Unlike the statute in Ammerman, Section 41-9-5 cannot be said to be “nothing more or less than [an] attempt to create a rule of evidence, comparable to the other privileges * * *.” Ammerman, 89 N.M. at 309, 551 P.2d at 1356. Section 41-9-5 is an exercise of the legislature’s constitutional authority to enact laws to preserve public health and safety. See State v. Collins, 61 N.M. 184, 297 P.2d 325 (1956). It is part of the Review Organization Immunity Act (ROIA), NMSA 1978, Sections 41-9-1 through -7 (Repl.Pamp.1986). The ROIA establishes a medical peer review process to promote the improvement of health care in New Mexico. Further, it recognizes that candor and objectivity in the critical evaluation of medical professionals by medical professionals is necessary for the efficacy of the review process.

Although promotion of the public welfare is its primary objective and confidentiality of peer review has application far beyond the limited arena of civil litigation, Section 41-9-5 does encroach upon this Court’s prerogative “to regulate all pleading, practice and procedure affecting the judicial branch of government.” State ex rel. Anaya v. McBride, 88 N.M. 244, 246, 539 P.2d 1006, 1008 (1975). There can be no question that the confidentiality provision of ROIA impedes the “judicial machinery administered by the courts for determining the facts upon which the substantive rights of the litigant rest and are resolved.” Ammerman, 89 N.M. at 310, 551 P.2d at 1357. The measure withholds from discovery otherwise relevant and admissible evidence. Cf. SCRA 1986,17-304 (no express immunity from discovery under confidentiality of disciplinary proceedings in the practice of law).

We do not believe, however, that the statute creates an evidentiary privilege, although statutes similar to Section 41-9-5 have been labelled as such. See, e.g., Humana Hosp. Desert Valley v. Superior Court of Ariz. in and for Maricopa County, 154 Ariz. 396, 742 P.2d 1382 (Ct.App. 1987); Posey v. District Court In And For the Second Judicial District, 196 Colo. 396, 586 P.2d 36 (1978); Straube v. Larson, 287 Or. 357, 600 P.2d 371 (1979). Our *199analysis of the statute reveals that, in the sense that records from the peer review process are excluded from evidence, the confidentiality provision establishes an immunity from discovery. See Matchett v. Superior Court for County of Yuba, 40 Cal.App.3d 623, 629, n. 3, 115 Cal.Rptr. 317, 320 n. 3 (1974); Shelton v. Morehead Memorial Hosp., 318 N.C. 76, 347 S.E.2d 824 (1986); Coburn v. Seda, 101 Wash.2d 270, 677 P.2d 173 (1984).

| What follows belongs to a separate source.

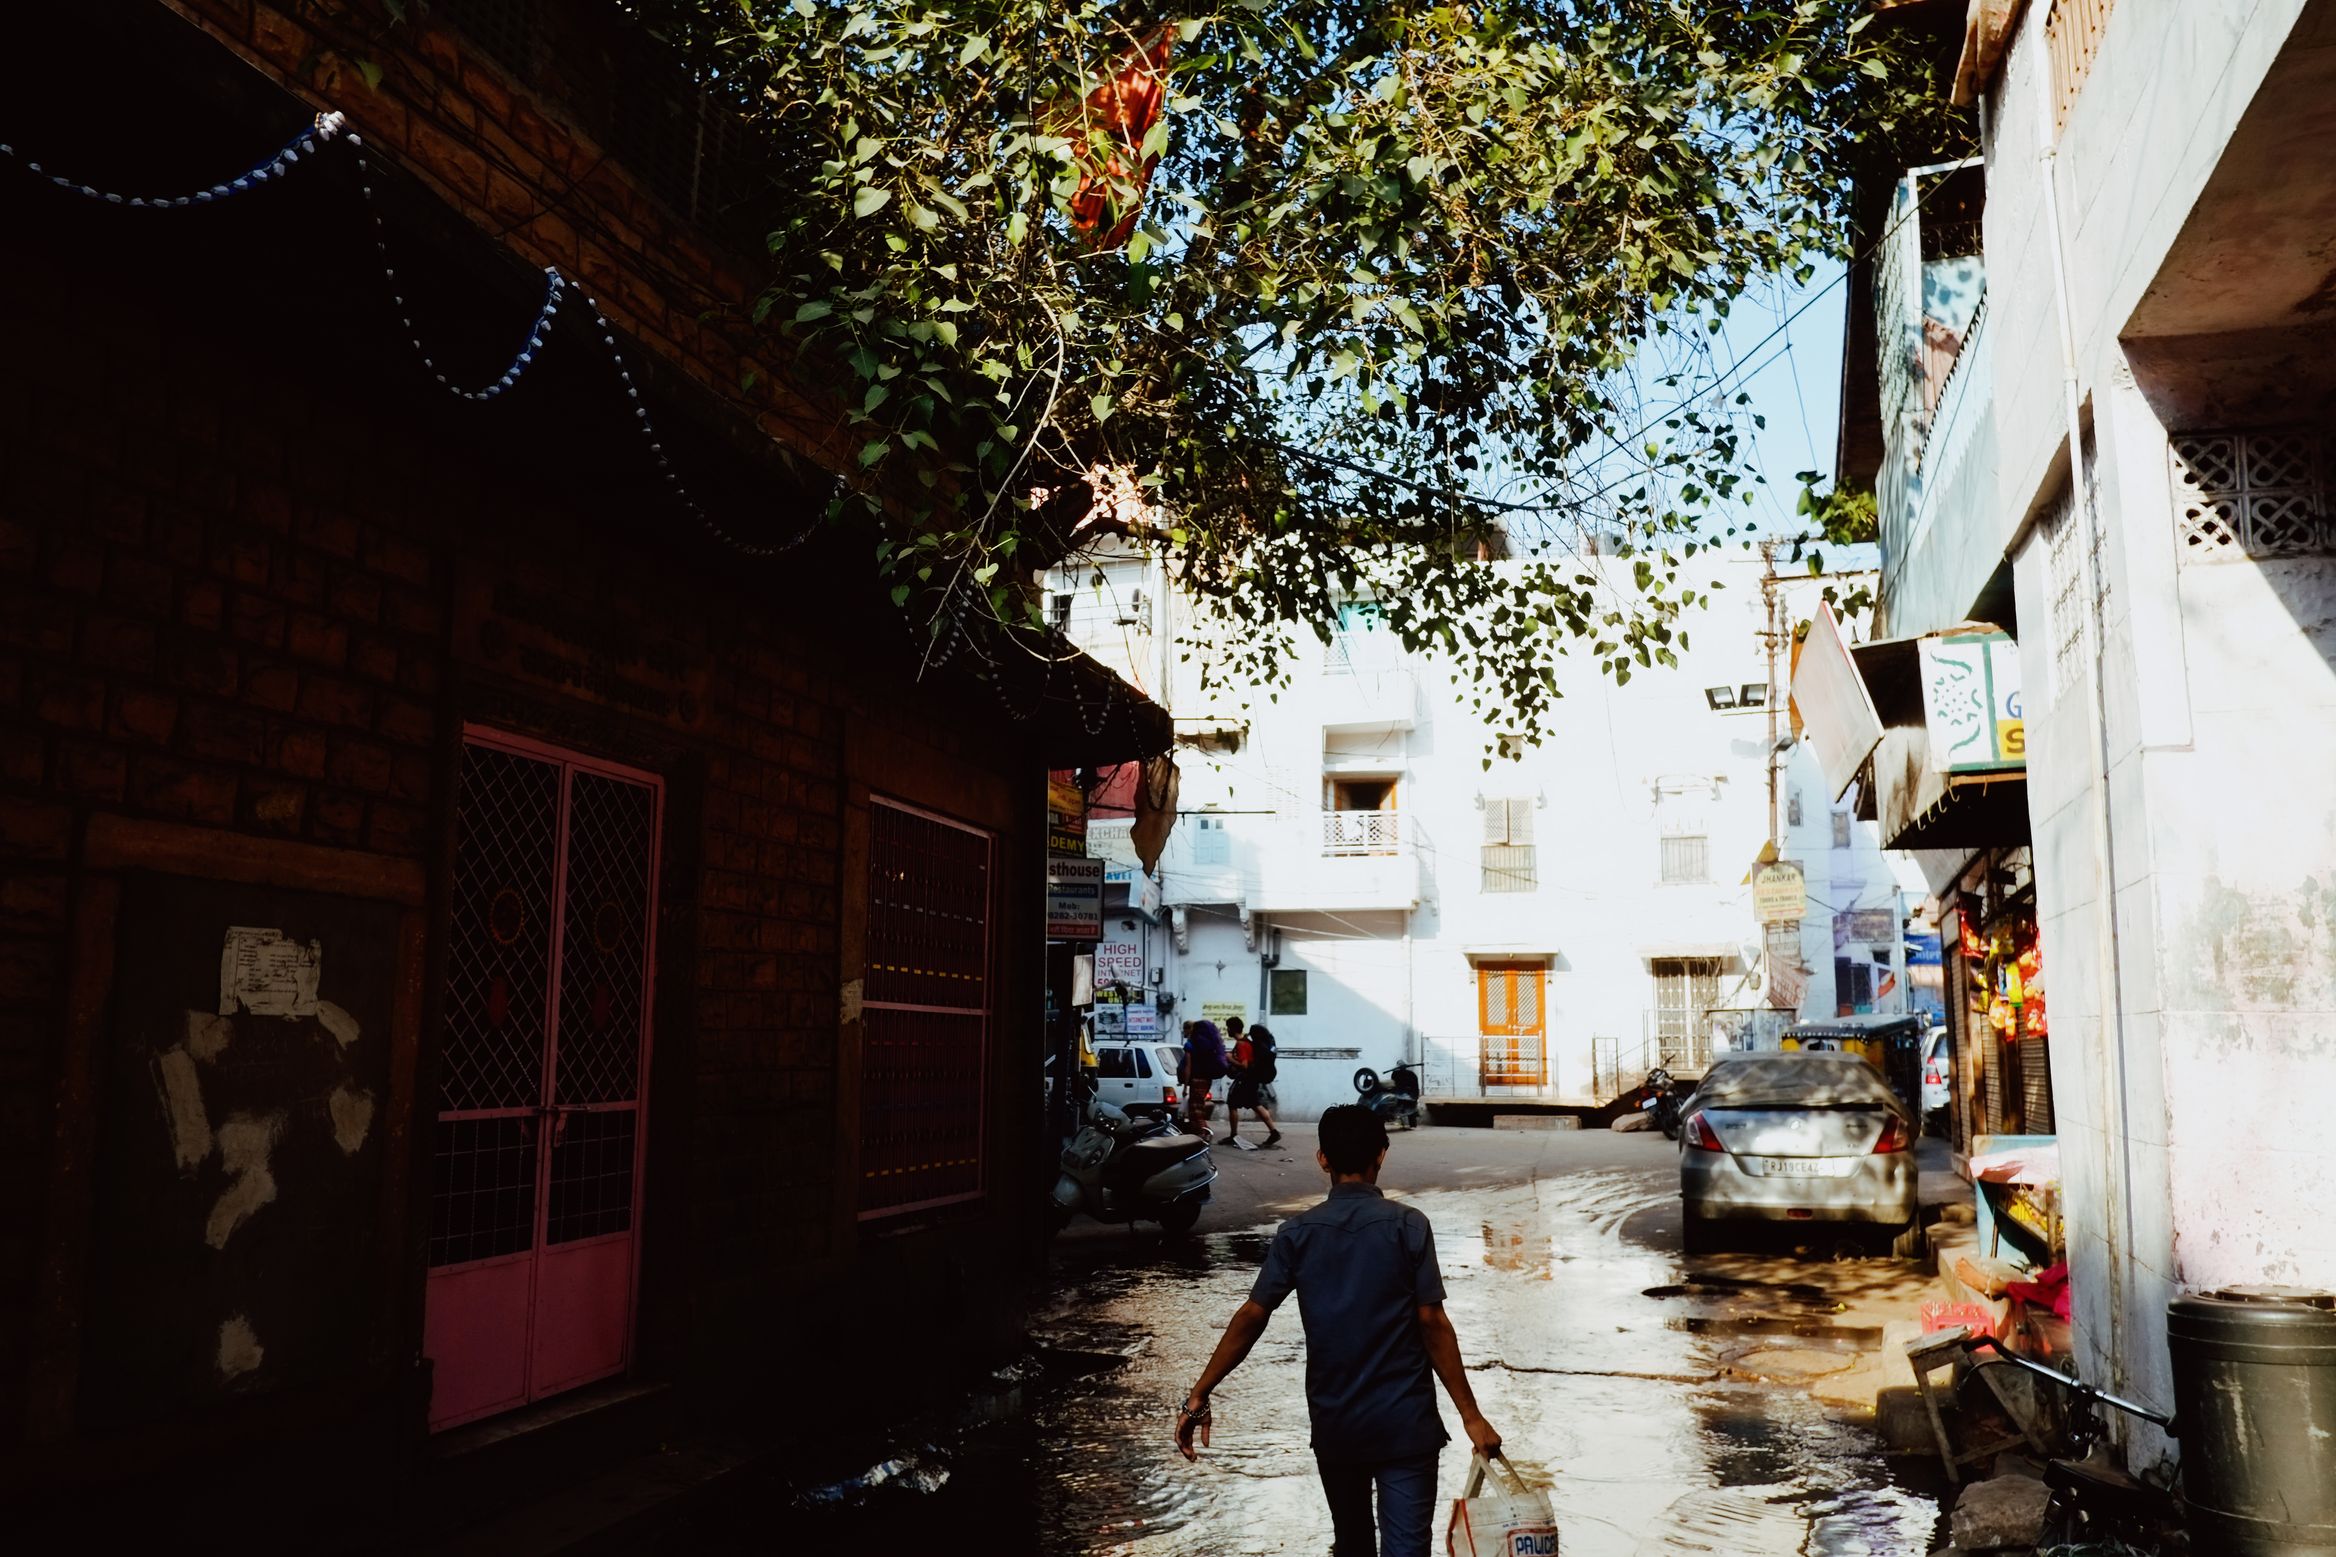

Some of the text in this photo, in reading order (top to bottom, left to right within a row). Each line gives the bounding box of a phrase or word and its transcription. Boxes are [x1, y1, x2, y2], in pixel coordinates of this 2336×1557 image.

[1049, 862, 1100, 877] sthouse
[1103, 944, 1137, 955] HIGH
[1098, 957, 1142, 968] SPEED
[1097, 969, 1142, 977] INTNET

A privilege inures to the benefit of a specific interpersonal relationship such as attorney-client (SCRA 1986, 11-503), psychotherapist-patient (SCRA 1986, 11-504), husband-wife (SCRA 1986, 11-505), and priest-penitent (SCRA 1986, 11-506). Moreover, an evidentiary privilege creates in the person holding the privilege a right to disclose or not to disclose otherwise admissible testimony. In contrast, Section 41-9-5 precludes any party from using for purposes of civil litigation the confidential records of peer review proceedings. Unlike a privilege, the statute provides no waiver through voluntary disclosure. See SCRA 1986, 11-511. On the contrary, criminal penalties attach for violation of Section 41-9-5. See § 41-9-6. Furthermore, we again stress, the confidentiality created by this statute is intended to prevent disclosure in situations extending far beyond the production of evidence in civil litigation.

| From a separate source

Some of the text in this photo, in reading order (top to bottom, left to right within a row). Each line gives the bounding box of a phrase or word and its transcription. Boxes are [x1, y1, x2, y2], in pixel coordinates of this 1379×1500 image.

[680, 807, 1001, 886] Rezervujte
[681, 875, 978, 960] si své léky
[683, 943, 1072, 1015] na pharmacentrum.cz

Because Section 41-9-5 does not purport to create an evidentiary privilege in civil litigation, the statute does not come into direct conflict with SCRA 1986, 11-501 which provides that:

Except as otherwise required by constitution and except as provided in these rules or in other rules adopted by the supreme court, no person has a privilege to:
A. refuse to be a witness; or
B. refuse to disclose any matter; or
C. refuse to produce any object or writing; or
D. prevent another from being a witness or disclosing any matter or producing any object or writing.

Under Ammerman and its progeny, if the statute had created an evidentiary privilege it would be invalid.

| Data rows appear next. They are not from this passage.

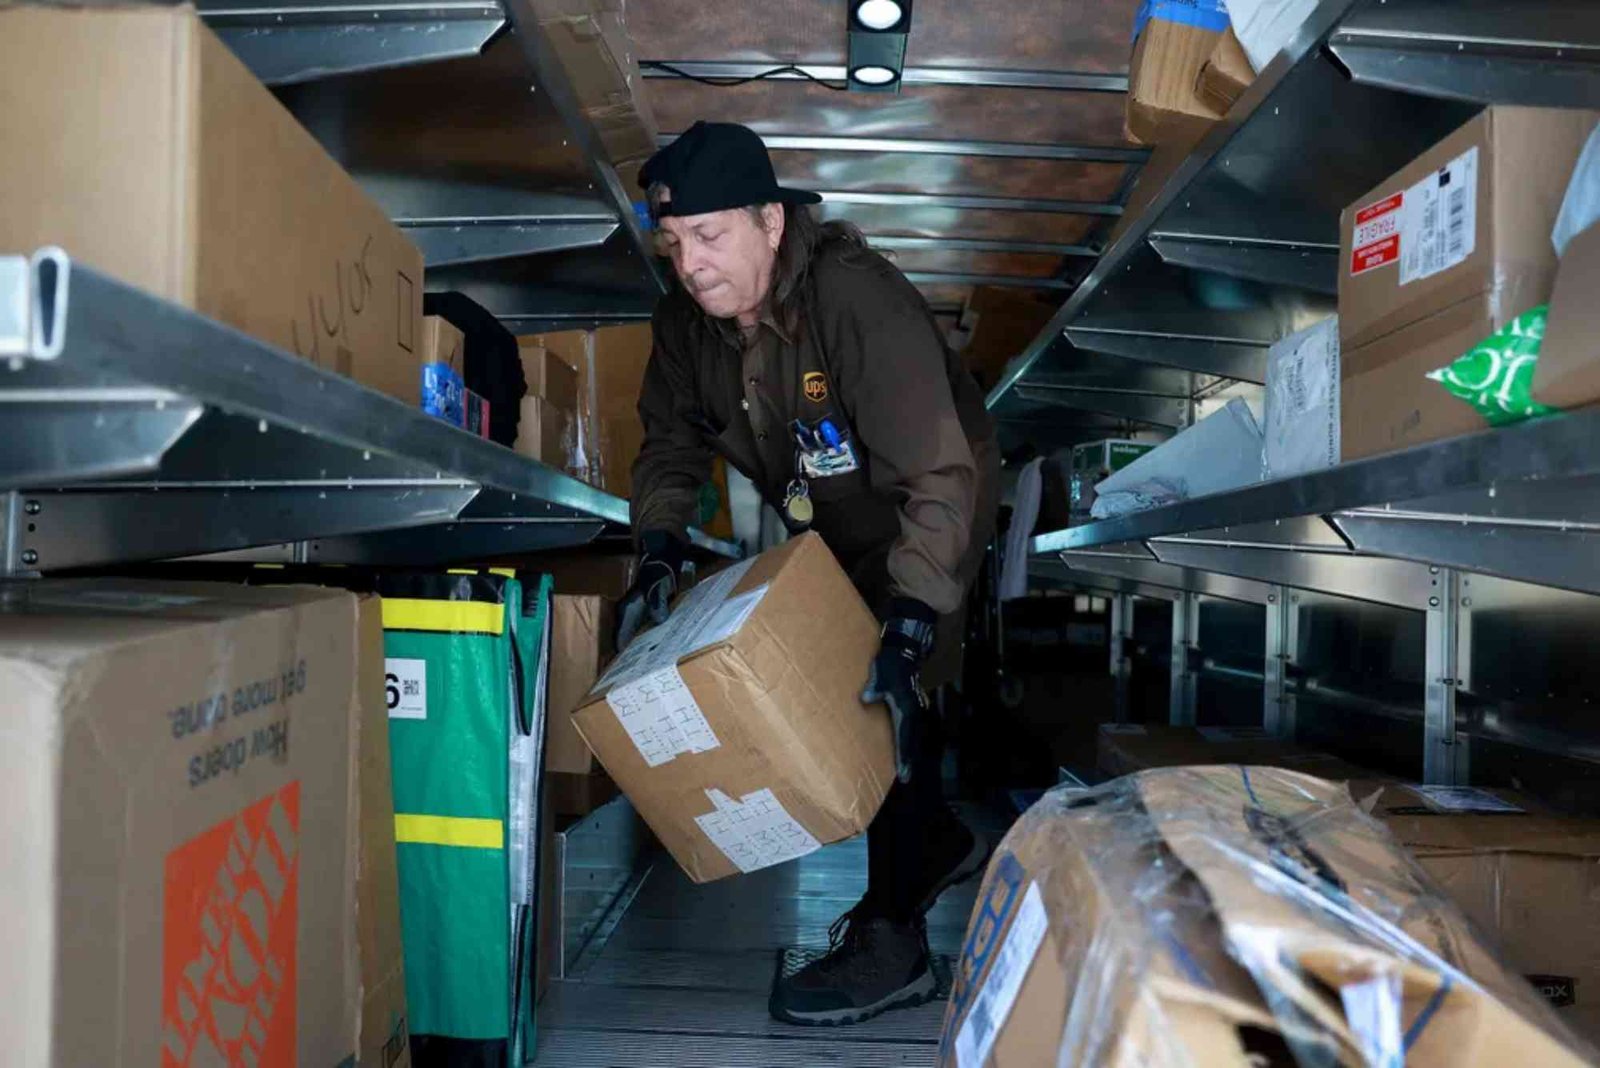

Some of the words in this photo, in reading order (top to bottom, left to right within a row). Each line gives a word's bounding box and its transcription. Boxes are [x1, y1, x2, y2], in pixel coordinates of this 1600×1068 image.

[1359, 215, 1395, 244] FRAGILE
[804, 380, 826, 397] ups
[281, 660, 307, 703] get
[188, 738, 246, 788] doers
[251, 724, 289, 764] How

When there comes before this Court a conflict between the functions of two branches of government, the Court must resolve that conflict in a manner reasonably assuring that powers exercised by one branch do not conflict with the essence of power exercised by the other branch of government. See United States v. Nixon, 418 U.S. 683, 707, 94 S.Ct. 3090, 3107, 41 L.Ed.2d 1039 (1974). We are mindful that the essential functions of both the legislative and judicial branches must remain inviolate. It is certain that this Court should not invalidate substantive policy choices made by the legislature under the constitutional exercise of its police powers; and, as discussed above, our decisions leave no doubt that it is the function of this Court to promulgate procedural rules and that the legislature has no authority to enact evidentiary rules which conflict with the rules of this Court.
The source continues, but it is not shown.